Well, let’s see how we go - fingers crossed and all that!
It may seem strange to talk about ‘Learning from commercial art’, as others have said before Commercial Art has never been regarded as ‘proper art’ in many circles. Yet it is the Art that we are most exposed to every day of our lives. From packaging to posters, from brochures to magazines, postcards to postage stamps, and even the humble letterhead or business card to the most elaborate crests and signage. From Truck sides to restaurant menus, from Holiday brochures to book matches, from logos, pictogramms and emojis - the list is endless.
When you read a sign, or a direction of a newspaper, or even TV commercials. Commercial Art is there. So why shouldn’t we learn from these things as much as other forms of Art?
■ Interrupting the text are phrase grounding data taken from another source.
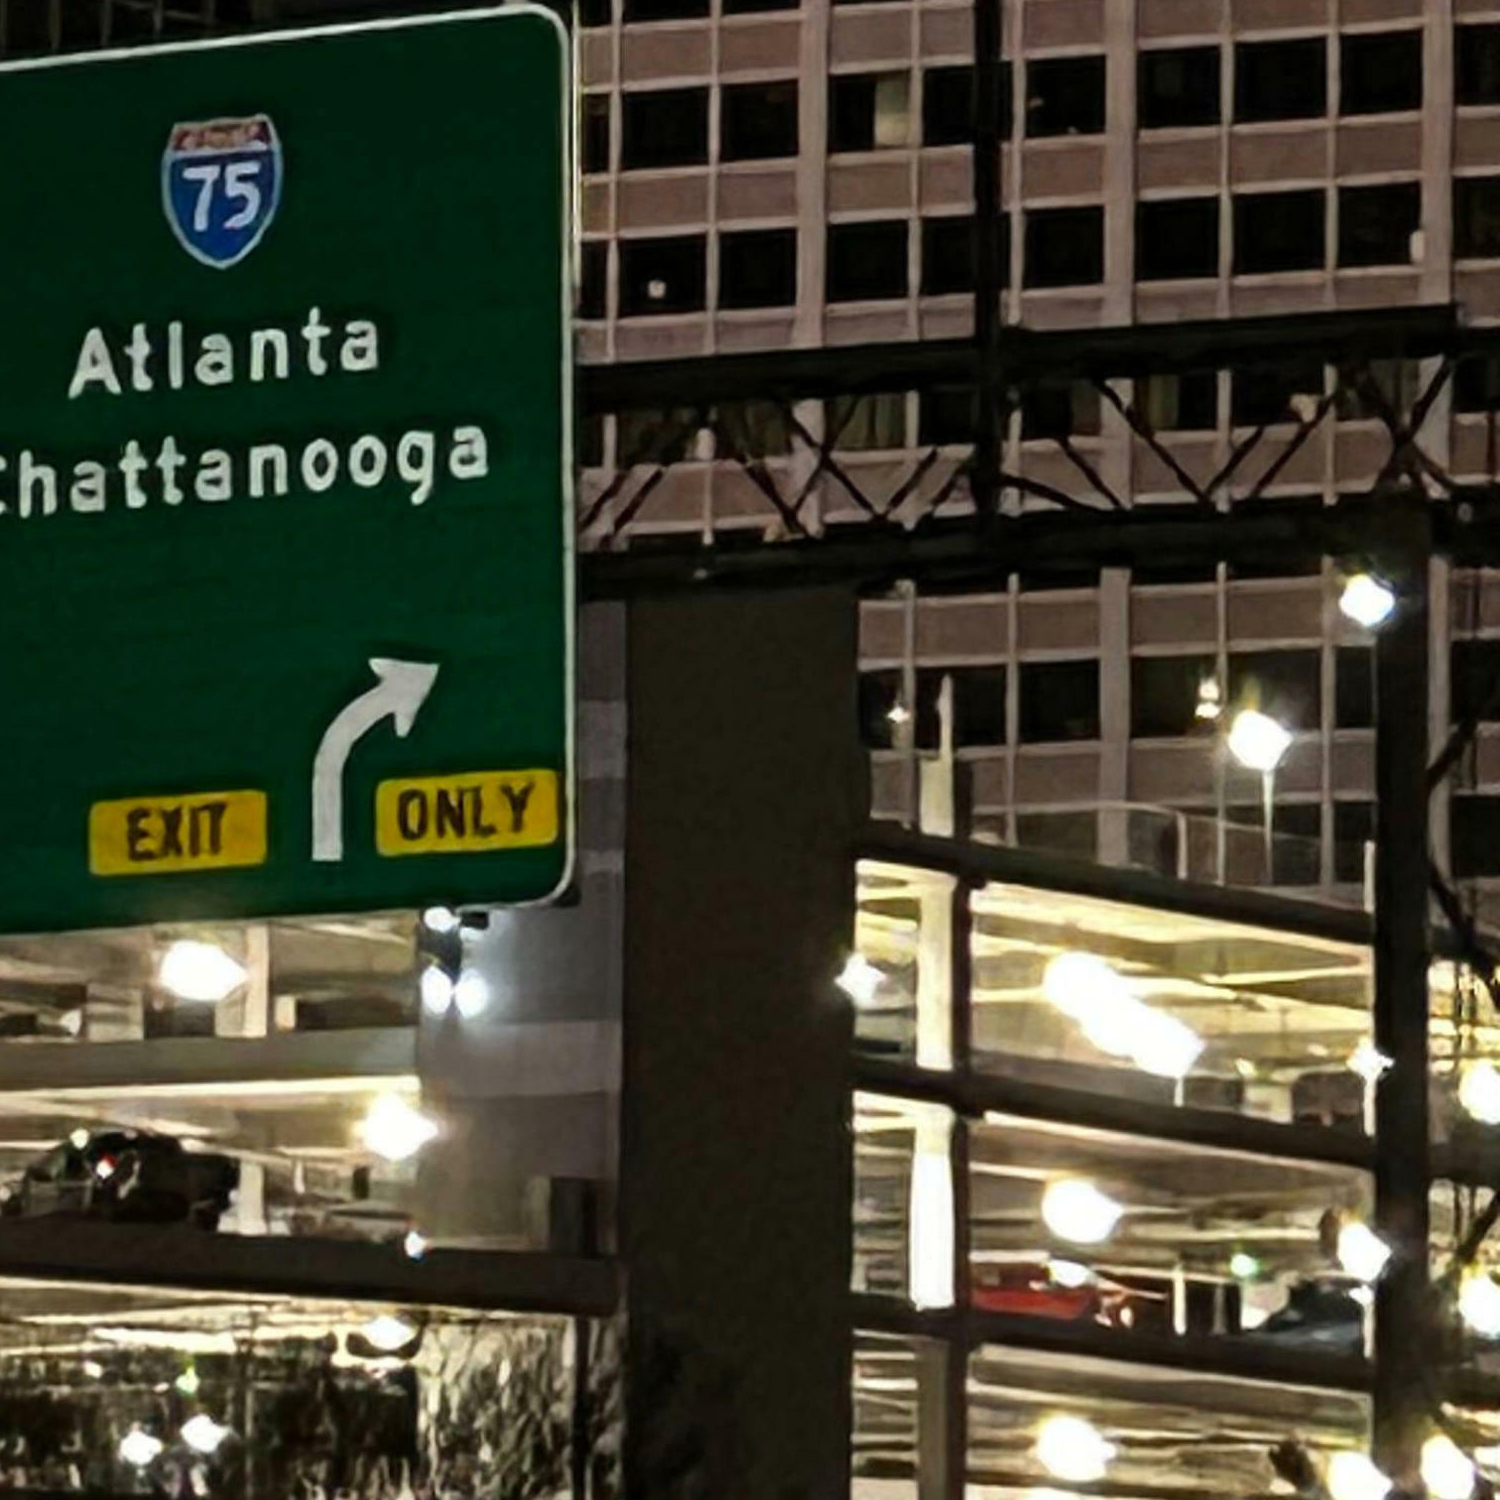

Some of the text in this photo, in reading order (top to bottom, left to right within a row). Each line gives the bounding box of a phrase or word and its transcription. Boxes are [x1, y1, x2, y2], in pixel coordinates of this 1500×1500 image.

[182, 160, 262, 233] 75
[67, 306, 380, 400] Atlanta
[125, 775, 536, 863] EXIT ONLY
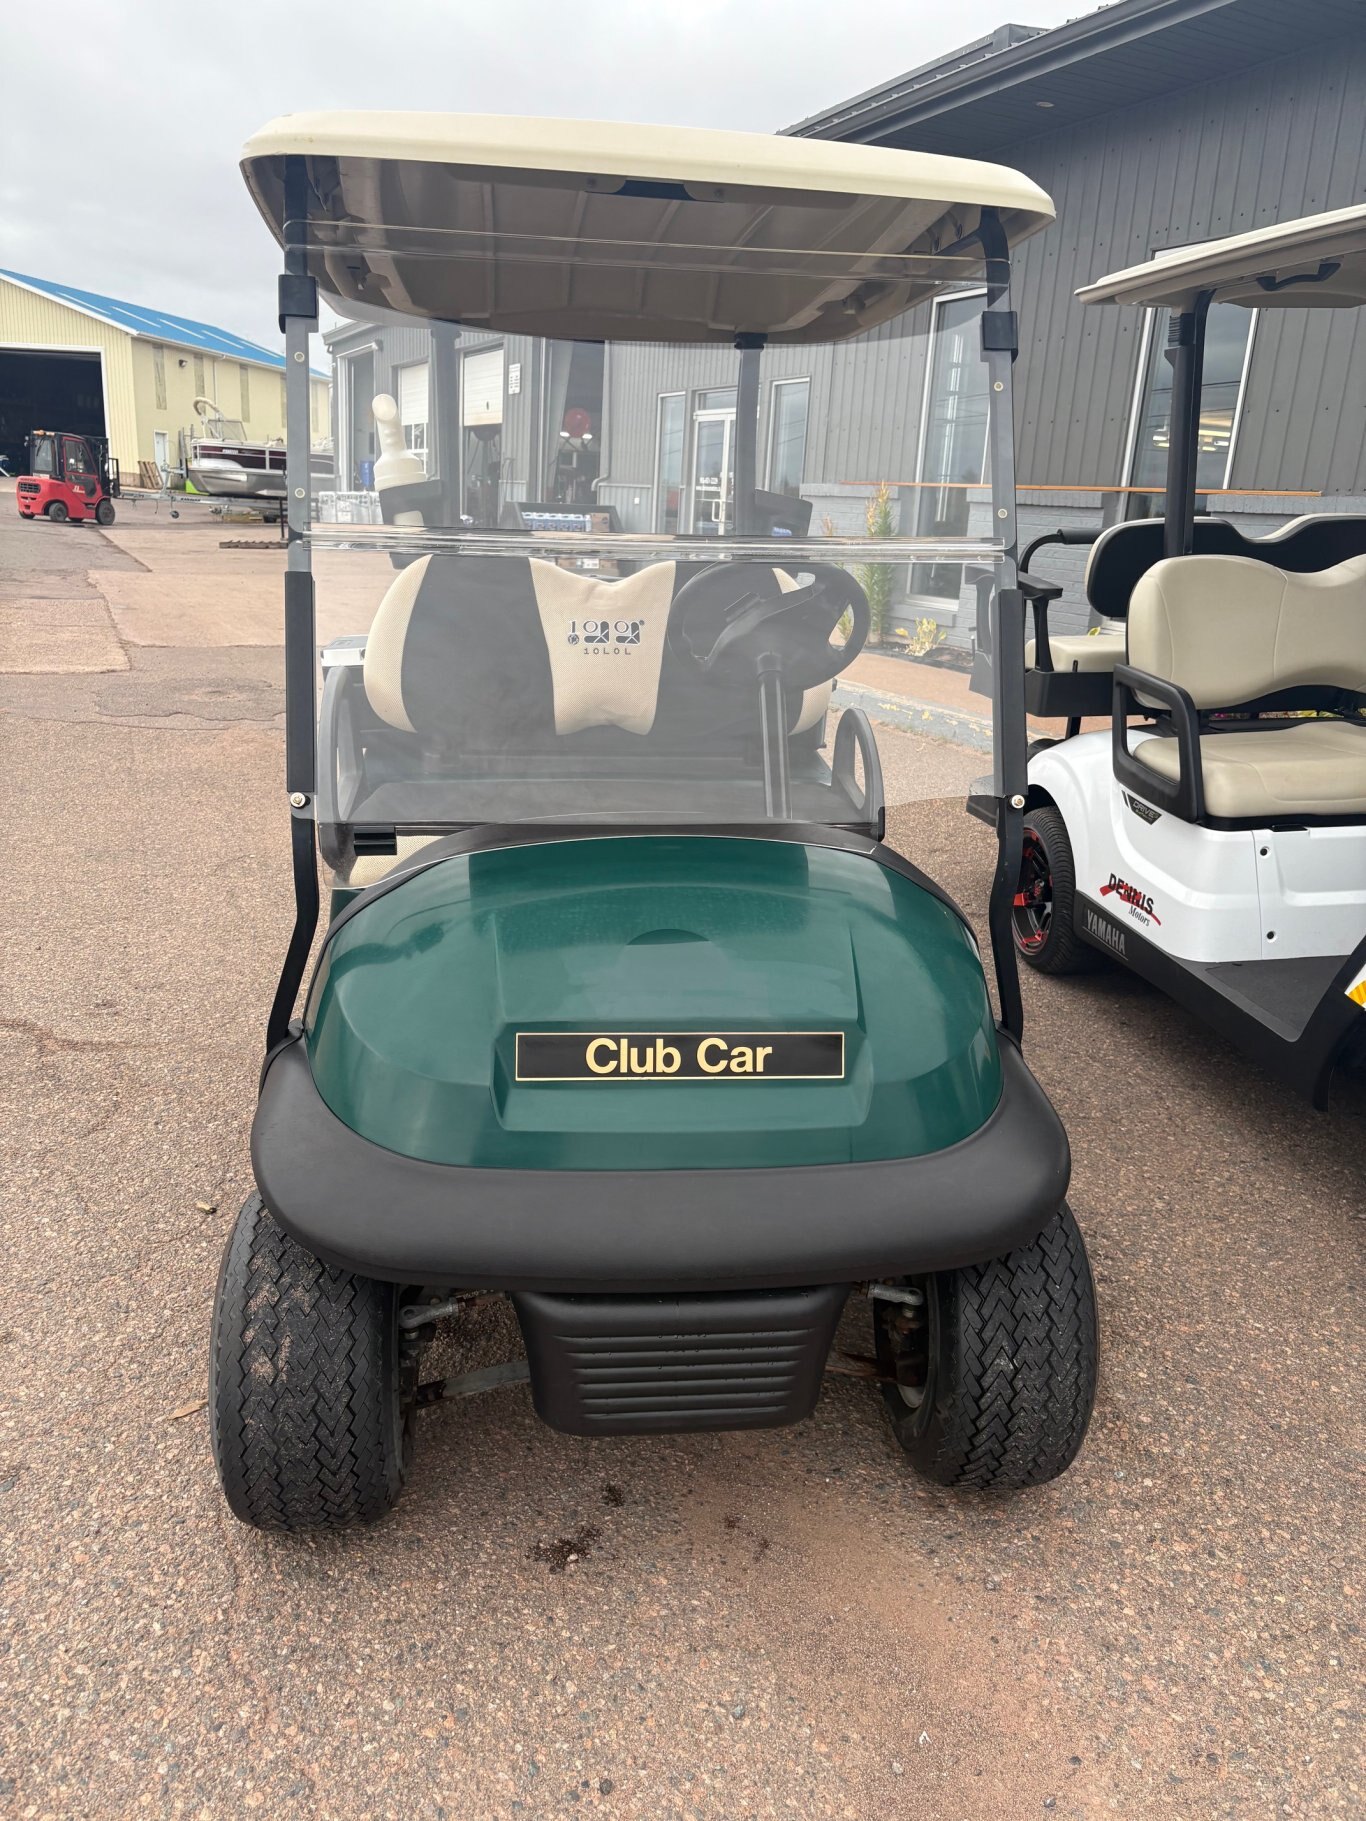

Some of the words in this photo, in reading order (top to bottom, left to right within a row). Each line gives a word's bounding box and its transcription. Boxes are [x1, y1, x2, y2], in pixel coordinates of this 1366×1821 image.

[1108, 872, 1154, 915] DENNIS
[1087, 908, 1126, 955] YAMAHA
[1128, 905, 1151, 927] Motors
[585, 1037, 682, 1074] Club
[696, 1037, 773, 1074] Car
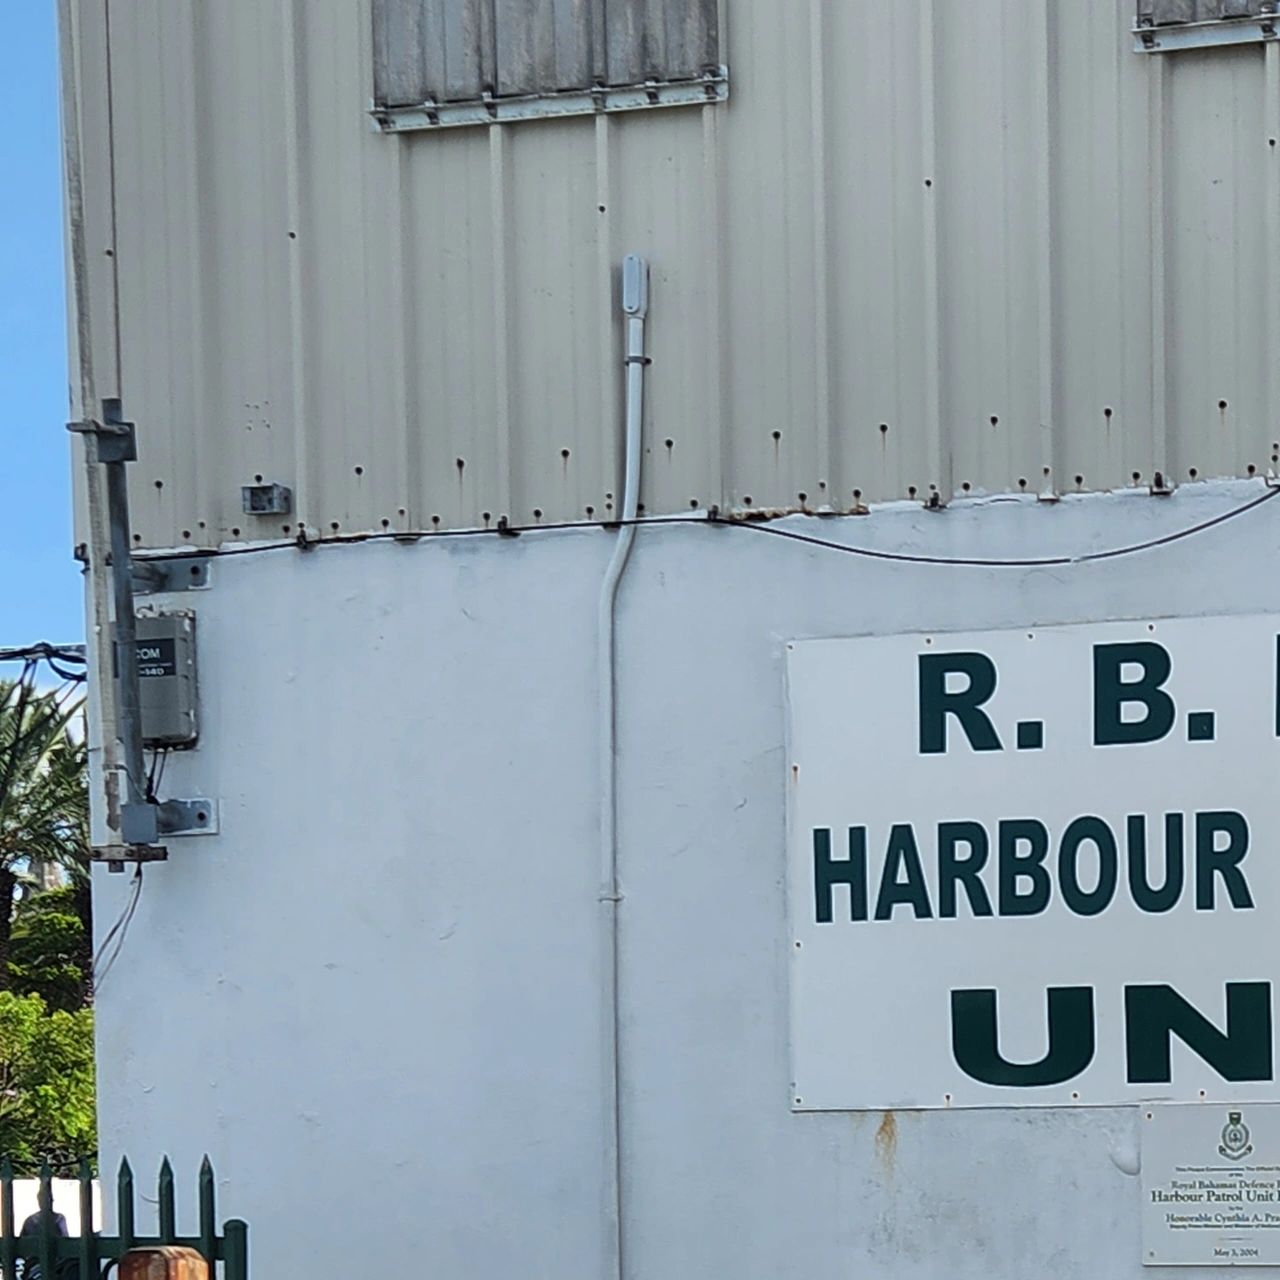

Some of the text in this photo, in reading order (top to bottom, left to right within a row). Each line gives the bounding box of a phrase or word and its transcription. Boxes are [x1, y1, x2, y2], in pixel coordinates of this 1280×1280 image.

[136, 647, 160, 659] COM
[918, 652, 1043, 754] R.
[1093, 641, 1215, 746] B.
[813, 811, 1255, 923] HARBOUR
[1171, 1181, 1196, 1191] Royal
[1198, 1181, 1237, 1189] Bahamas
[1239, 1180, 1274, 1189] Defence
[1151, 1191, 1203, 1202] Harbour
[1206, 1190, 1243, 1202] Patrol
[1246, 1190, 1274, 1202] Unit
[1165, 1213, 1212, 1222] Honorable
[1214, 1213, 1250, 1225] Cynthia
[1252, 1214, 1263, 1222] A.
[1214, 1248, 1229, 1257] May
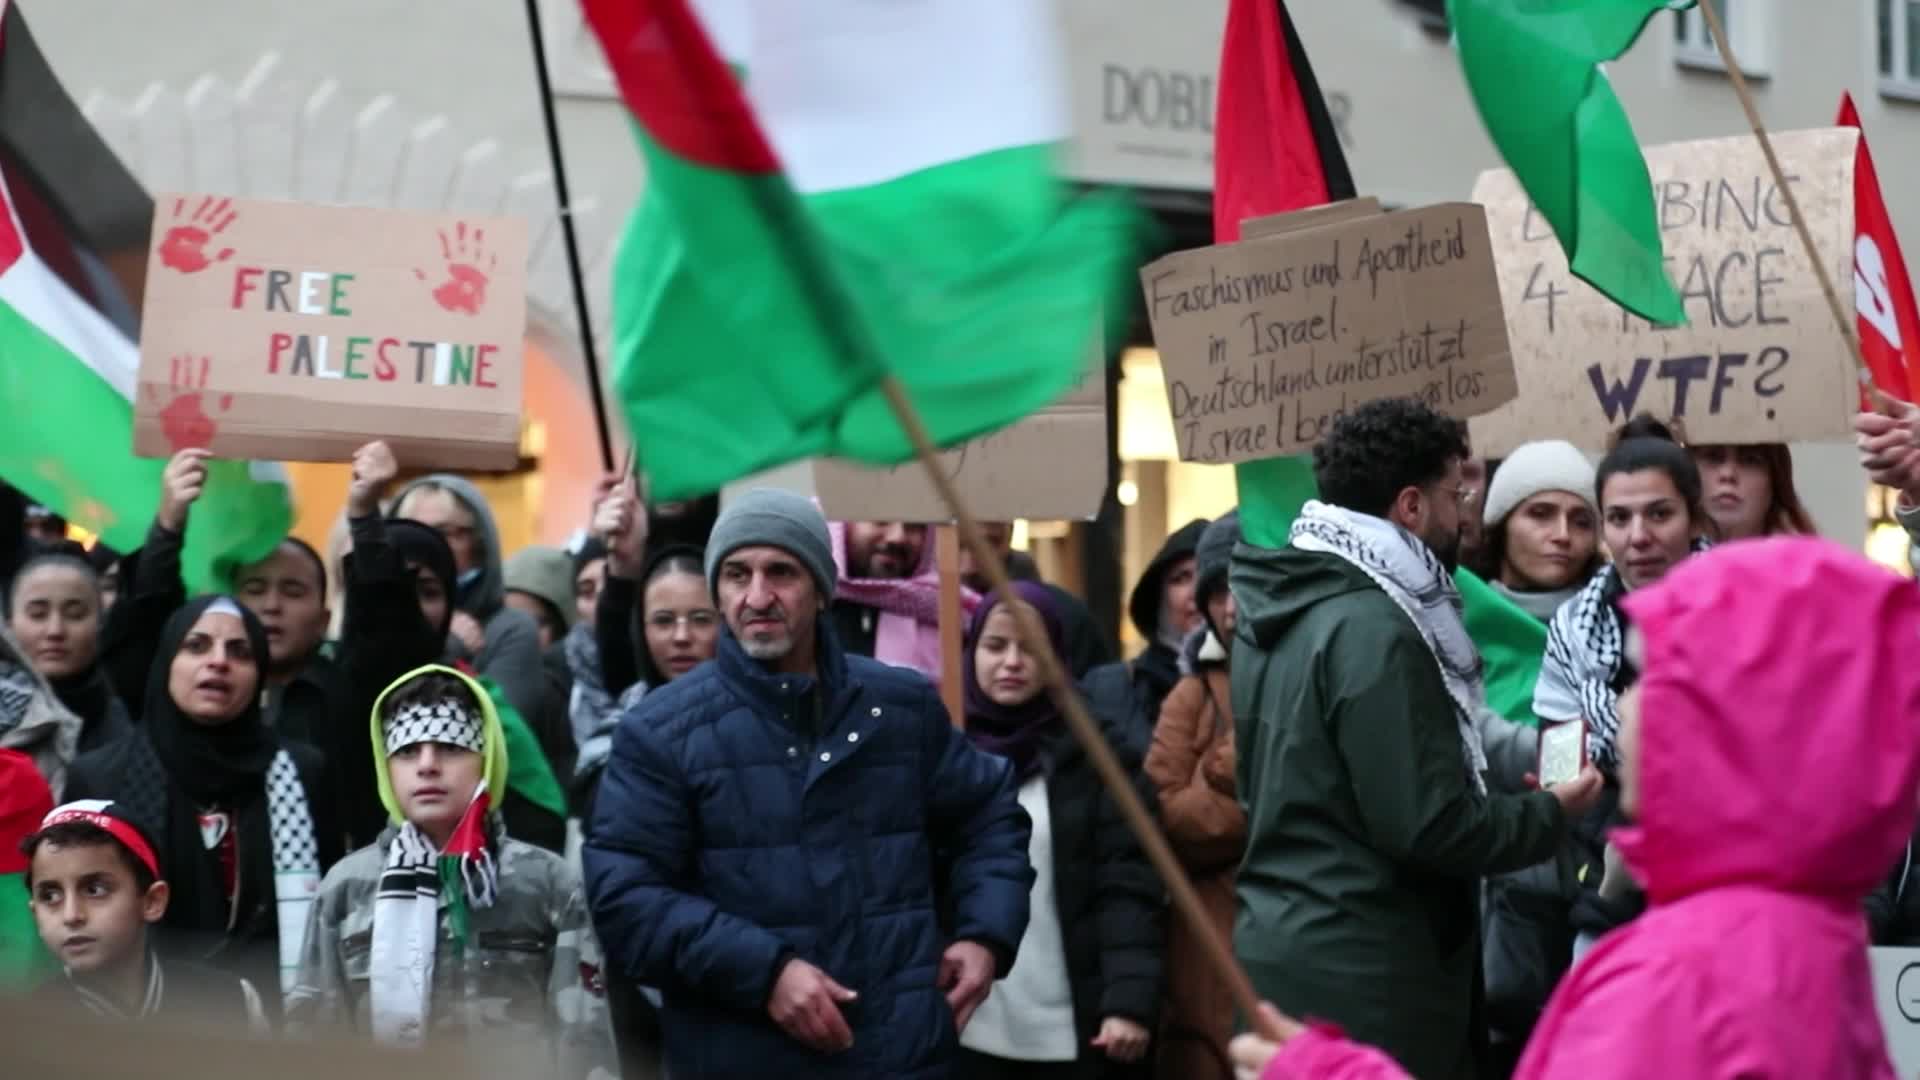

Commercial Art is merely art that has been prepared for a product purpose and paid for. Most if not all Fine Artists were in fact ‘commercial’ in one way or another. We have all been hired to produce something for someone else and get paid for it. Picasso, Renoir, Toulouse-Lautrec, Degas and others all produced works that were ‘commercial’. Theophile Steinlen, and a host of others may not be so well-known by name, but their works are recognisable by almost everyone.
Commercial Art is of course very much part of Marketing and Advertising. In the not so distant past Illustration was a BIG part of Commercial Art. Naturally the same can be said of Copywriters - those who write the words for the advertisements we see for just about everything. Almost every day we open our letterboxes to brochures from Supermarkets, and local retailers. Sales Promotions are an arm of Commercial Art. We mostly say we ‘hate the stuff’, or ‘I never look at the trash’, but that is simply not true. The evidence is the mere fact tha we still keep getting them, and in an industry that makes a point about not wasting money that speaks for itself. We DO read them, We DO react to them, we DO note the Specials and a great many create their weekly shopping lists from them.
We all hate the posters that line the routes, highways and byways. Many despise the ‘visual pollution’ of neon signs etc;, etc - until we want to find somewhere, or visit a city. Of course there is rubbish and poor quality, but we cannot deny that Commercial Art resonates with us on a daily basis.
It may come as a surprise that the average City Dweller is exposed to something like 5-8,000 advertising messages each and every day! On a 24 hour day that makes 333 messages every hour, or almost 6 messages every minute.
we know our average attention span is between 8-10 seconds.
Check this out for yourselves - it is an interesting experiment. Try to just look at something directly for ten seconds without moving your eyes or head away from the image - even IF that image is moving as with a ‘talking head’ Look at a TV Commercial, or Film time the changes of direction of the cameras (editing). You may be surprised.
Now think about those things that cannot be edited as they are static, usually printed materials. Our attention span remains the same, so how do we work with this?
This is where the skill of Commercial Artists come in. They create ‘movement’ where none exists in reality. We get the observer’s eyes to do the movement for us.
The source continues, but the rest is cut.